| Barbara Lau
Ringmaster
R
What would you give to stay in that mid-August daze
of glory, before the students arrive and it’s just you and Roethke and the incense of freshly glued textbooks, their pages sleek as ironed bed sheets.
All 100 new poems in Norton’s 8th edition
zoom off the page like hummingbirds, each crisp syllable and edgy off-rhyme buzzing, buzzing at your side.
Oh to be the ringmaster
of your very own three-ring circus! On your right—Bishop
bows and pulls a codfish from her tall top hat. On your left—
Ginsberg sits full lotus position atop a tie-died elephant
pitching rose petals and sunflower seeds to the band. Above—black sequined Plath is on the high wire / no net
while in the bleachers, Gerry Stern is hawking hotdogs,
beer nuts, ecstatic clouds of cotton candy.

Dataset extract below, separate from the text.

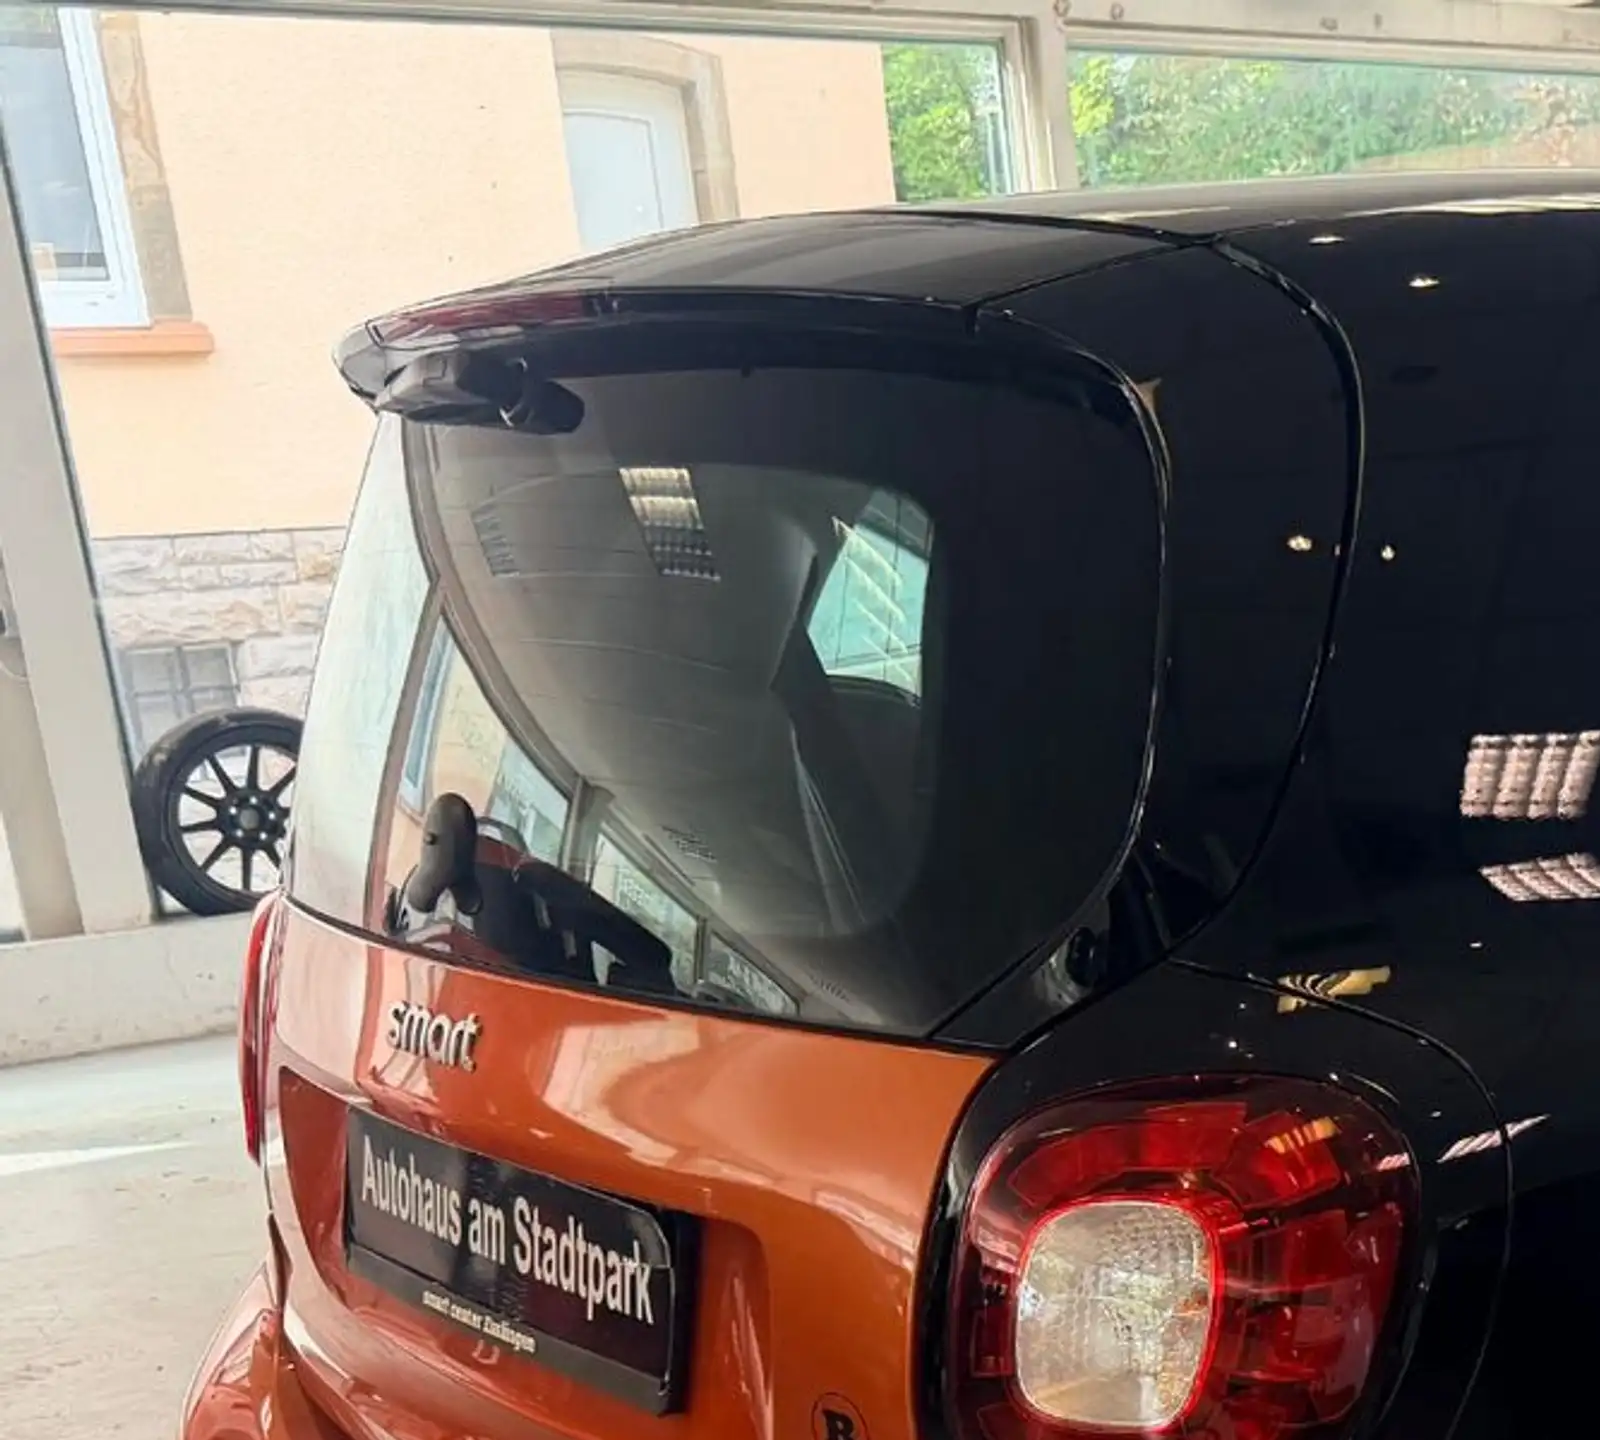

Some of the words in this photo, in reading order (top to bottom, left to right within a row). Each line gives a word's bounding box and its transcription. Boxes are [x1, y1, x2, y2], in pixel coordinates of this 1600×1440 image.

[386, 1000, 482, 1072] smart
[362, 1134, 462, 1247] Autohaus
[467, 1197, 506, 1266] am
[512, 1196, 655, 1325] Stadtpark

Everyone gasps at each twist of the line
break, each leap through the confessional ring of fire.
Then come the last rhymed couplets of evening.

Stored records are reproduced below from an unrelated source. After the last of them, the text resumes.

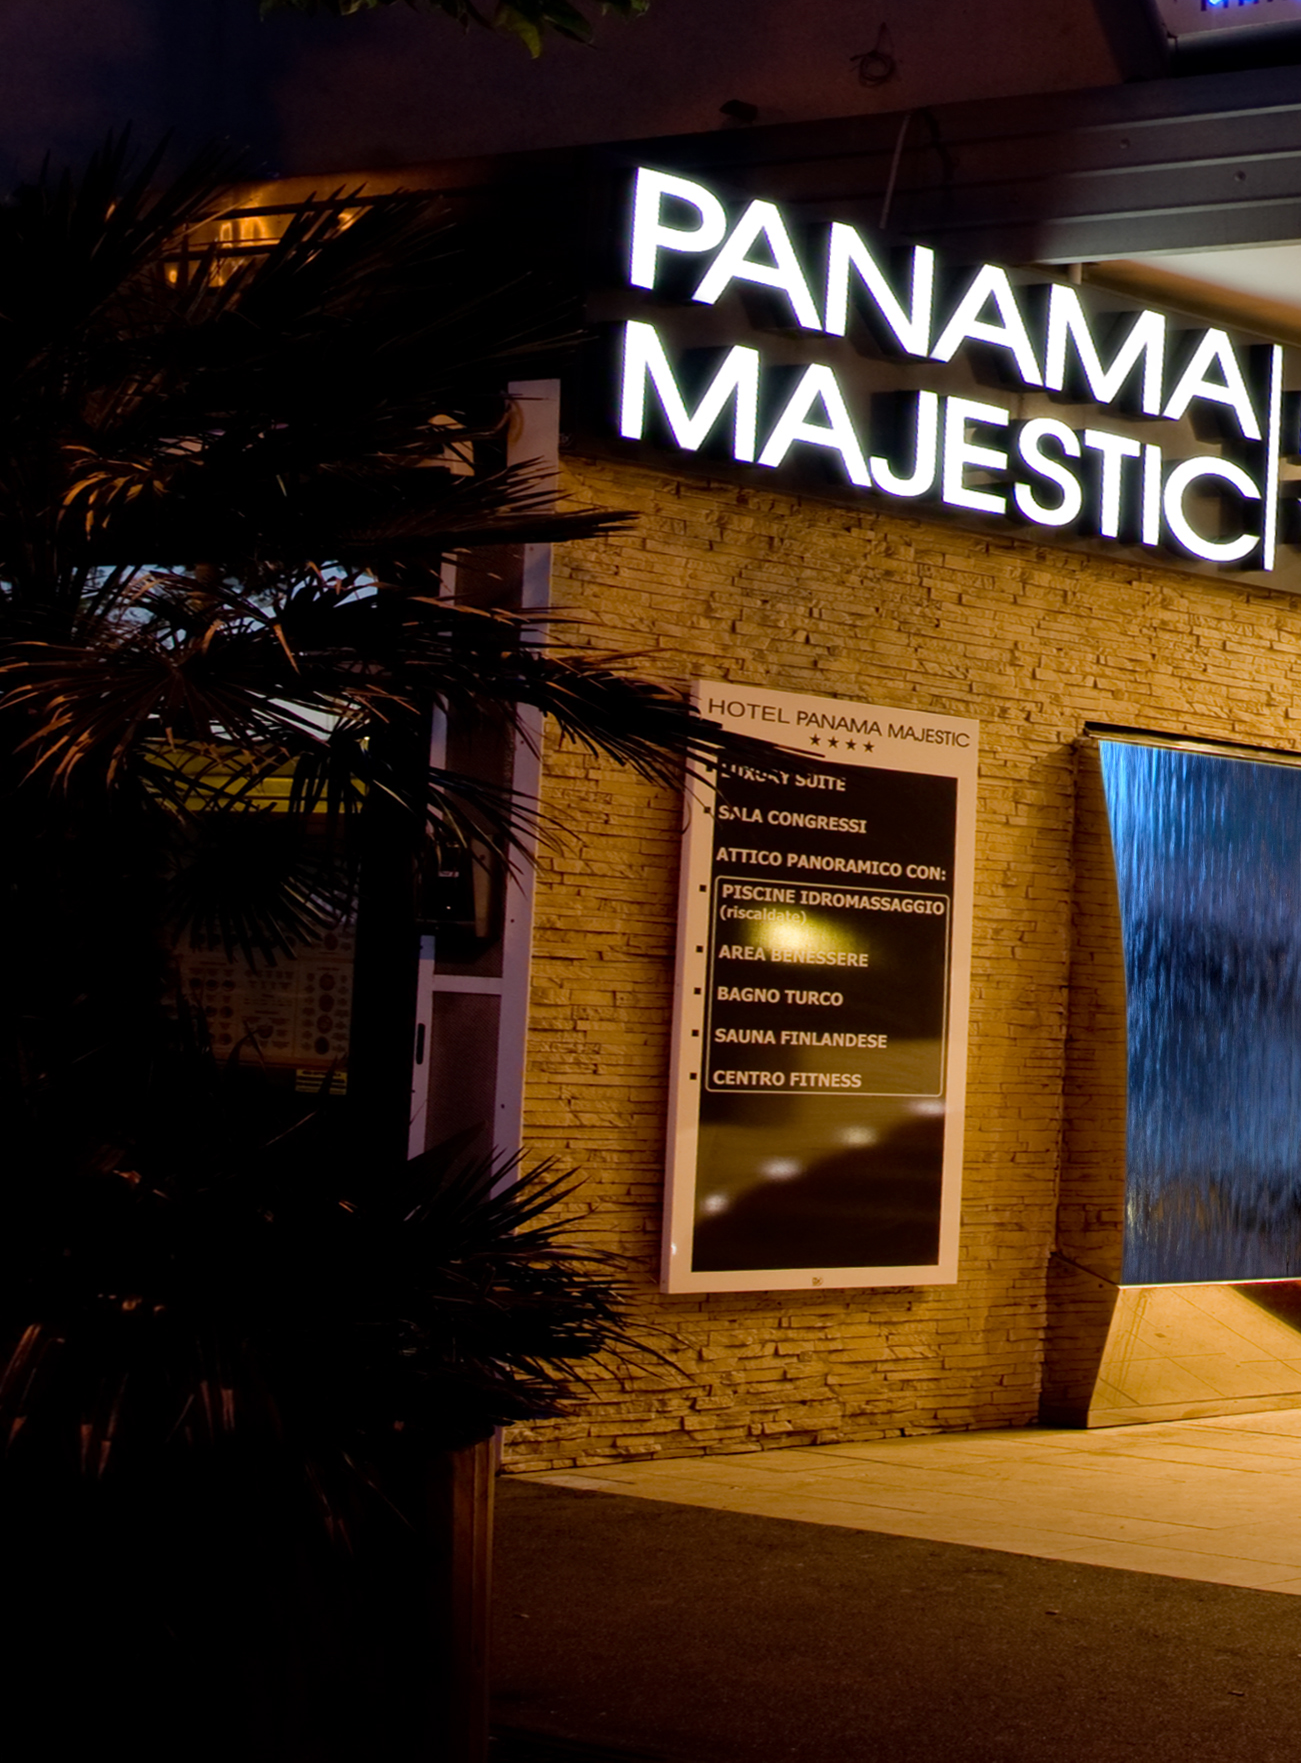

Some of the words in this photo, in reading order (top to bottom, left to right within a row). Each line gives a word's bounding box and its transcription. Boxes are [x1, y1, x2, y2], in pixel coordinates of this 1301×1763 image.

[628, 165, 1263, 442] PANAMA
[618, 318, 1262, 566] MAJESTIC
[707, 697, 791, 724] HOTEL
[796, 710, 882, 737] PANAMA
[887, 723, 971, 748] MAJESTIC
[795, 773, 847, 792] SUITE
[718, 804, 764, 823] SALA
[767, 810, 868, 834] CONGRESSI
[715, 846, 783, 868] ATTICO
[786, 852, 903, 879] PANORAMICO
[905, 863, 947, 882] CON:
[721, 883, 796, 905] PISCINE
[799, 891, 945, 916] IDROMASSAGGIO
[719, 904, 808, 925] (riscaldate)
[718, 944, 767, 963] AREA
[770, 947, 870, 968] BENESSERE
[716, 986, 781, 1004] BAGNO
[784, 988, 844, 1007] TURCO
[713, 1028, 776, 1046] SAUNA
[780, 1030, 888, 1049] FINLANDESE
[712, 1069, 786, 1087] CENTRO
[789, 1071, 862, 1089] FITNESS

Contortion twins Louise & Rita bow backwards
to the crowd, which signals the tractors’ slow approach
and the students` trudge across campus.
Still you refuse to budge, year after year, entrenched
in your books, your highlighters, your yellow post-it notes
like the huge flapping shoes of clowns.
Even the tents topple down in one large sigh,
as the dolor of chalk dust dulls the blackboard’s shine.